25% of shoppers abandon carts over account creation
“25% of online shoppers abandon their cart because the site wanted them to create an account.”
Lots of interesting statistics in this article, but this one caught my eye. Why? Because it is absolutely preventable. Asking customers to create an account worked 20 years ago, but now that Amazon and other platforms have removed as much friction as possible, it is unreasonable to require it.
“But what about gathering customer data?” Are customer emails really that valuable if your cart abandonment rate is high due to too much friction?
Also, not forcing customers to create an account doesn’t mean you can’t build a relationship with them. But you’ll now have to give them a good reason to do so. If they don’t want an account, great: you still give them the option to buy and you get the sale. But if they do create an account, why not offer them free shipping or unique perks?
eBay’s journey: not every player can be Amazon
eBay’s journey is a good reminder that not every ecommerce player can (or should) be Amazon.
While GMV peaked at $100B in 2020, it dropped in the $70B range before reaching $79B in 2025. On the other hand, the stock went from $50 in 2020 to over $90 recently.
I attribute this success to eBay understanding their environment and taking corrective action. More than just aggressive share buybacks, they refocused on core strengths like recommerce, collectibles, or auto parts. I have myself placed more orders on eBay in 2025 than during any year since the mid 2000s. Higher margins and advertising growth followed.
Unfortunately, not every story ends this way, who said Etsy?
$200k minimum to advertise on ChatGPT
How bad a gambling addiction do you need before spending $200k on ChatGPT ads?
I’ve already discussed the absurdly high initial CPM, but one detail I initially missed is the $200k minimum commitment.
My guess is that both the CPM and the minimum buy-in will drop significantly shortly after the ad rollout begins. For now, I’d recommend brands wait and see what happens once the dust settles. Is OpenAI trying to make this channel look bigger and more profitable than it really is?
That said, I don’t think the 4% transaction fee should be a deterrent. Given the nature of AI agents, this is especially true for brands and products that:
– Solve a clear, specific problem
– Are easy to explain in plain language
– Sell through logic, not impulse
– Are compared on function more than aesthetics
TikTok virality and the stockout trap
When you are done celebrating your product going viral on TikTok Shop, don’t worry about if it will go out of stock. There is a good chance it will anyway.

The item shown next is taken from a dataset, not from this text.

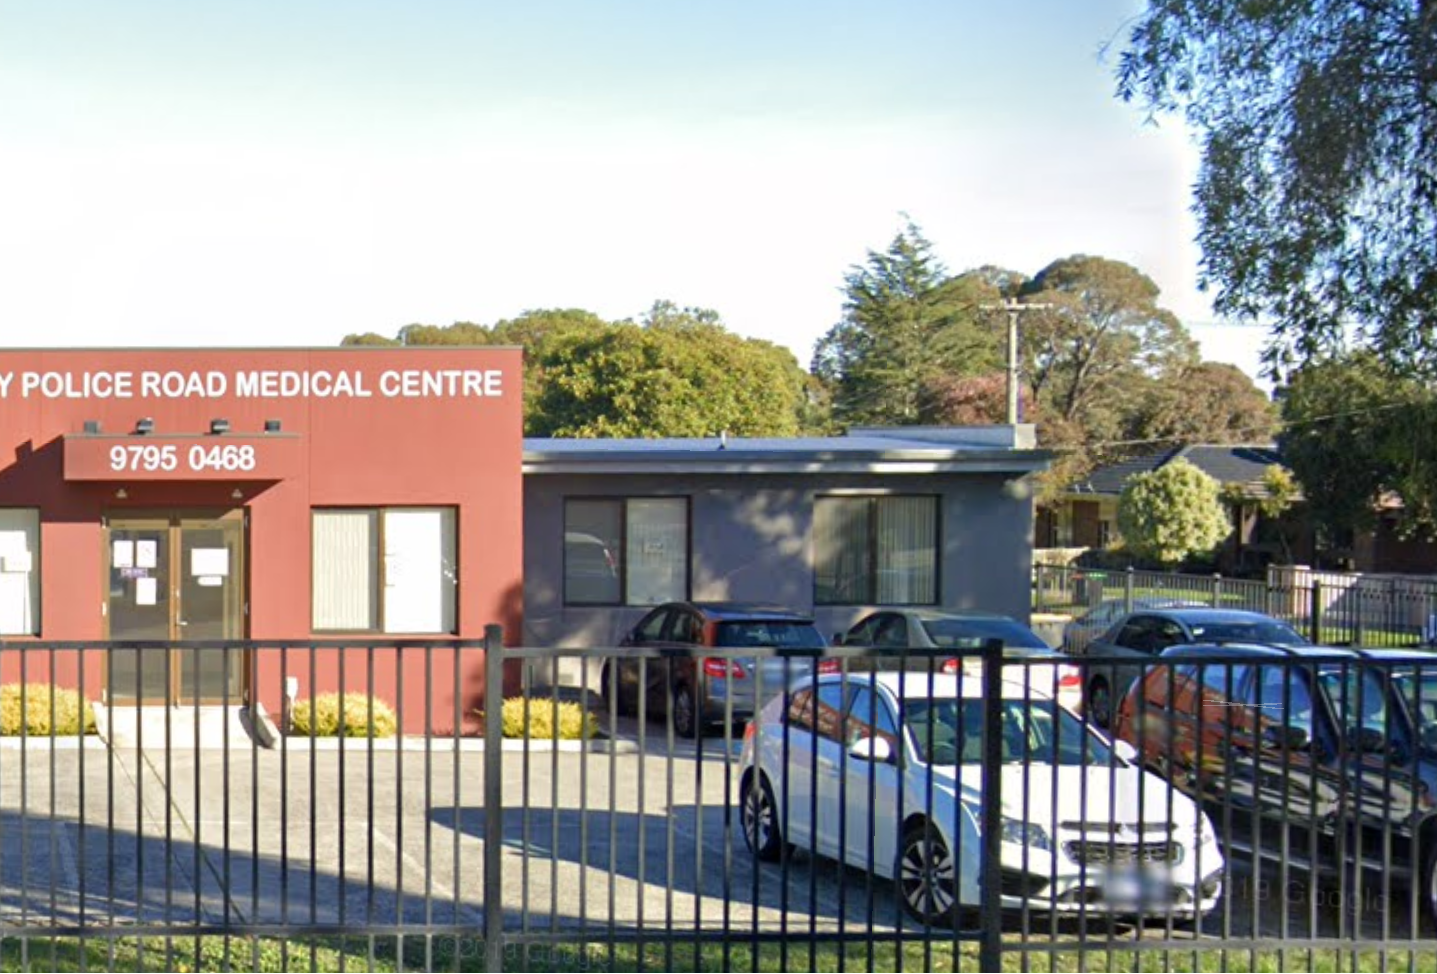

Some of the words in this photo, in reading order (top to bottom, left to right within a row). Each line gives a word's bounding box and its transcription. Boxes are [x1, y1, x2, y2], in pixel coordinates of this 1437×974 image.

What you should worry about is how you handle the stockout, while customers are already looking elsewhere and competitors are pushing alternative items. We all have the attention span of a goldfish now, myself included. And the same is true for our customers.

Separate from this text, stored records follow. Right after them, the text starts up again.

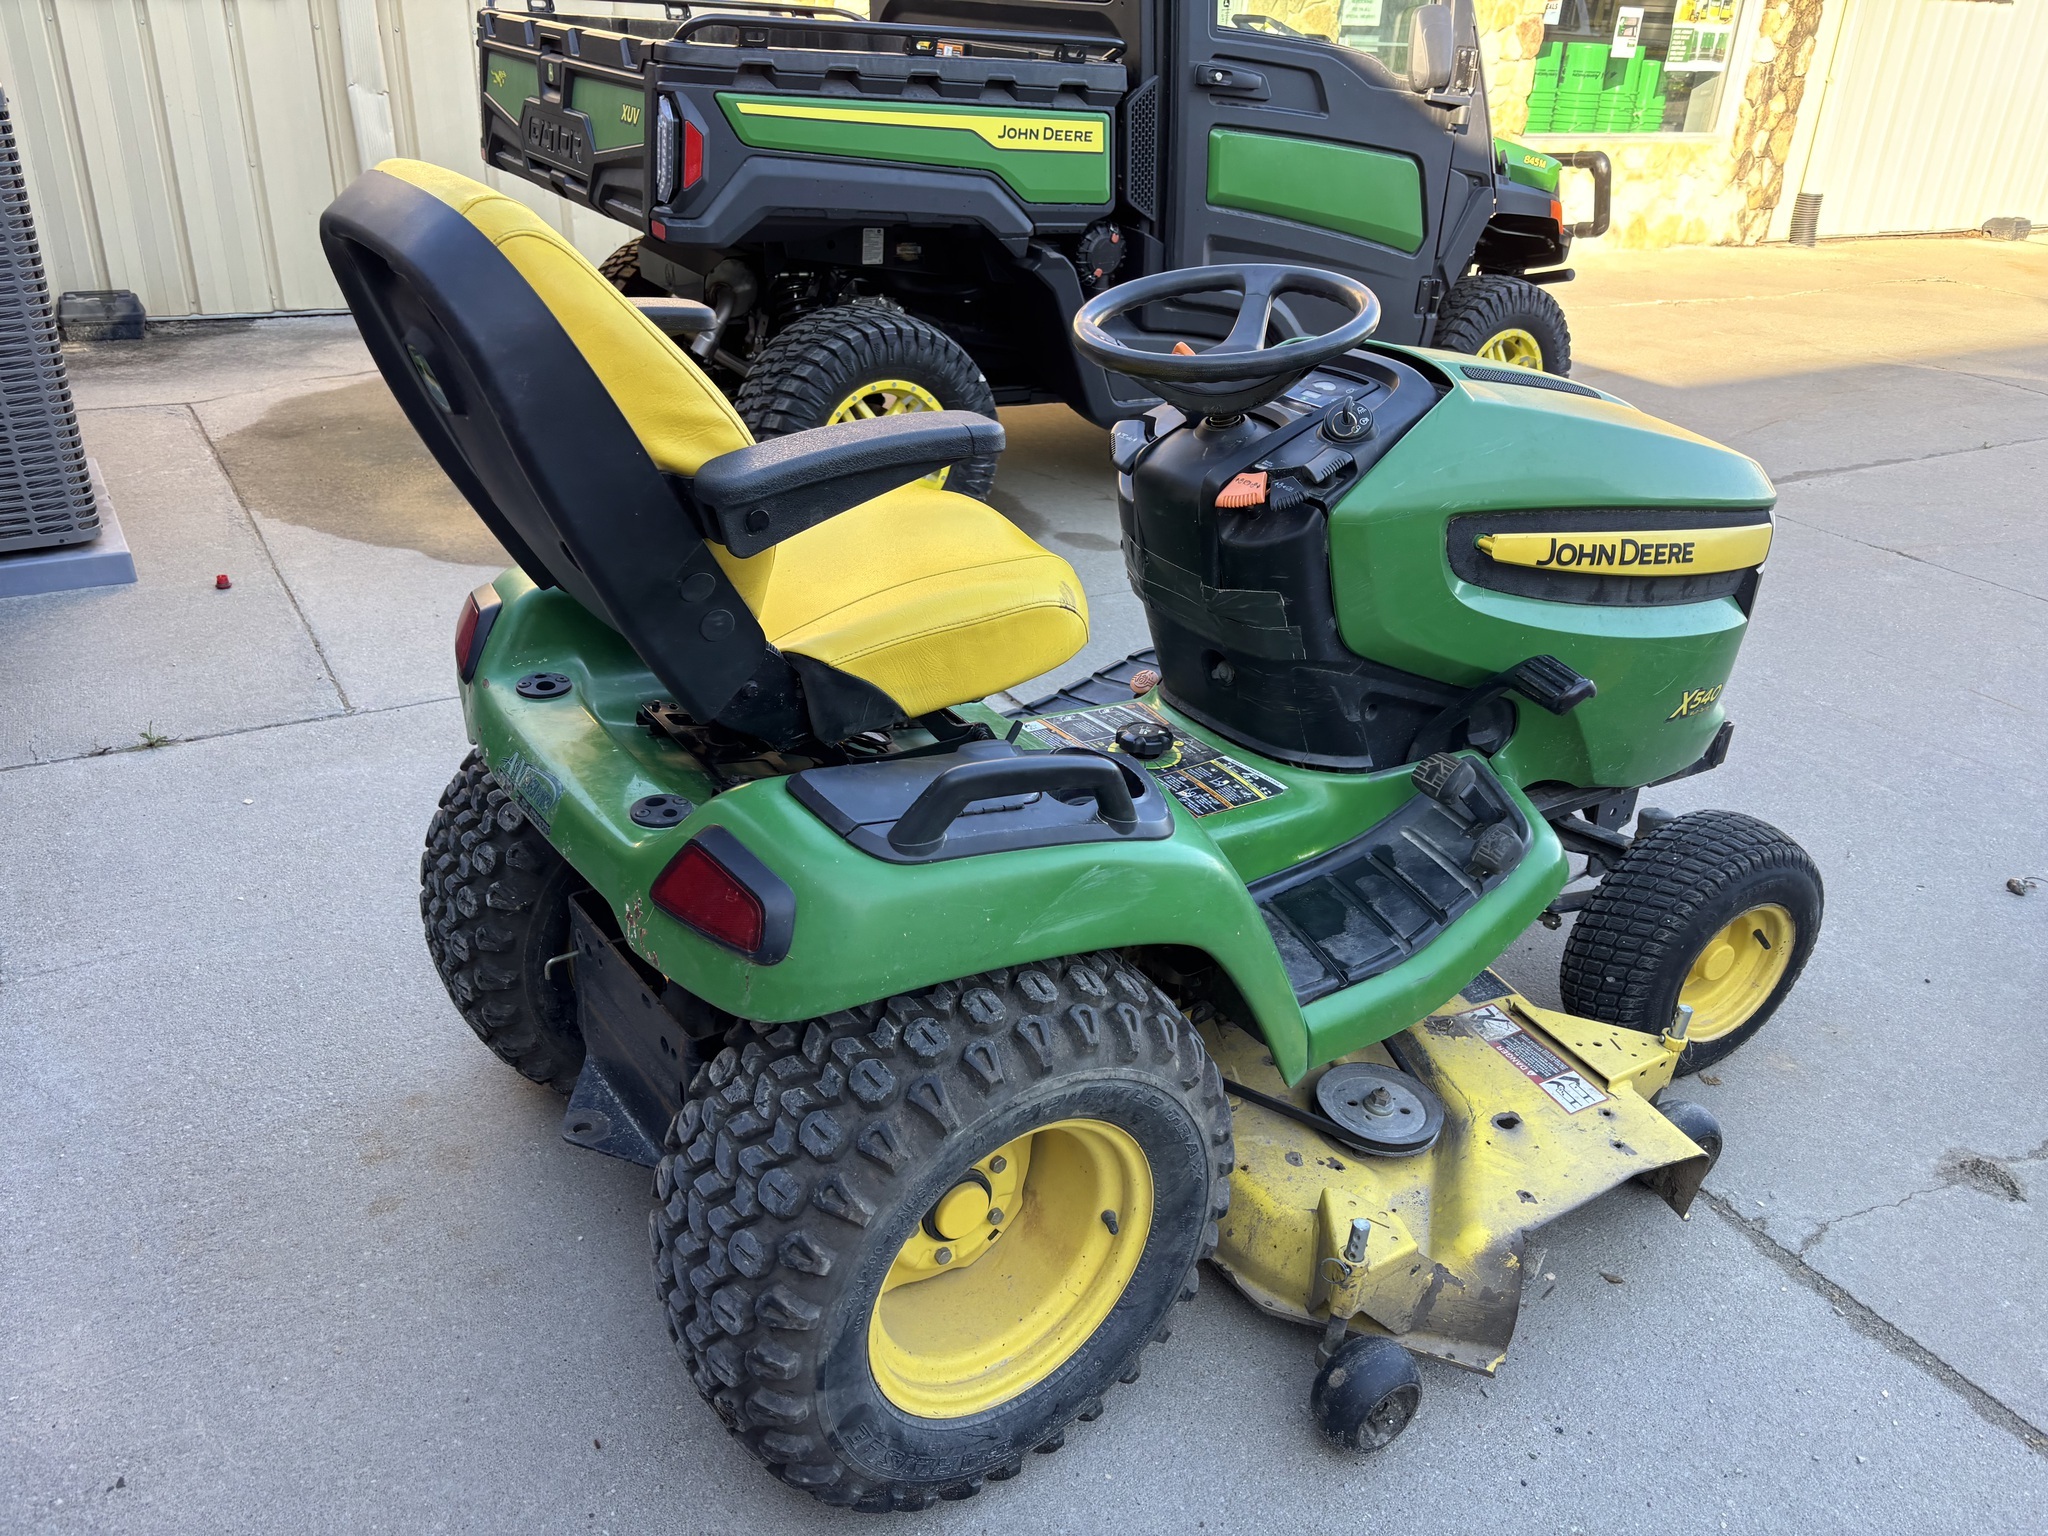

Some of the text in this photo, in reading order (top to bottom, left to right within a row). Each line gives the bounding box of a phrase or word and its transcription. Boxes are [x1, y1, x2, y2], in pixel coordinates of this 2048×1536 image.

[620, 103, 641, 126] XUV
[529, 117, 582, 163] GATOR
[998, 124, 1093, 142] JOHN DEERE
[1523, 154, 1547, 169] 845M
[1536, 537, 1696, 566] JOHN DEERE
[1666, 683, 1724, 721] X540
[1496, 1045, 1528, 1071] DANGER
[1163, 1105, 1205, 1186] TRAX

If TikTok inventory is empty but you still have stock elsewhere, redirect to where fulfillment is still possible, or toward similar available items.

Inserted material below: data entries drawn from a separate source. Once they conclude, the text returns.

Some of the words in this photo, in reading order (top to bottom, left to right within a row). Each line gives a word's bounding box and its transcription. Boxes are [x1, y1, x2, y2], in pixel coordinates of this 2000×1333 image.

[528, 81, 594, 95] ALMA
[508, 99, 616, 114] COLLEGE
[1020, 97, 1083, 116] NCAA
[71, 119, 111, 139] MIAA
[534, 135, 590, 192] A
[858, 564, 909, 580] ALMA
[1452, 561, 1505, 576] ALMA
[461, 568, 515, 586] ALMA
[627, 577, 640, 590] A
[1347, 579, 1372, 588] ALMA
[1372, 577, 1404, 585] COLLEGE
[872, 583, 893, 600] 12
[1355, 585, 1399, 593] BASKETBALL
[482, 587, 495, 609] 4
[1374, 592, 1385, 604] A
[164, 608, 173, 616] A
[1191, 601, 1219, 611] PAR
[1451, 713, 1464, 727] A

At the same time, capture the demand you just earned. You can offer restock alerts, early access, or a small incentive in exchange for email or SMS. This turns short-lived virality into a relationship you actually own.
Behind the scenes, keep the story alive and be transparent. Momentum matters in these moments, and silence kills it.
Of course competitors will try to take advantage and steal market share. That is when your differentiation matters most. Remind people why they should wait for the original, not settle for look-alike products.
Running out of inventory is not the real risk here, overstocking can be just as dangerous. Losing attention, trust, or momentum is far worse but can be avoided.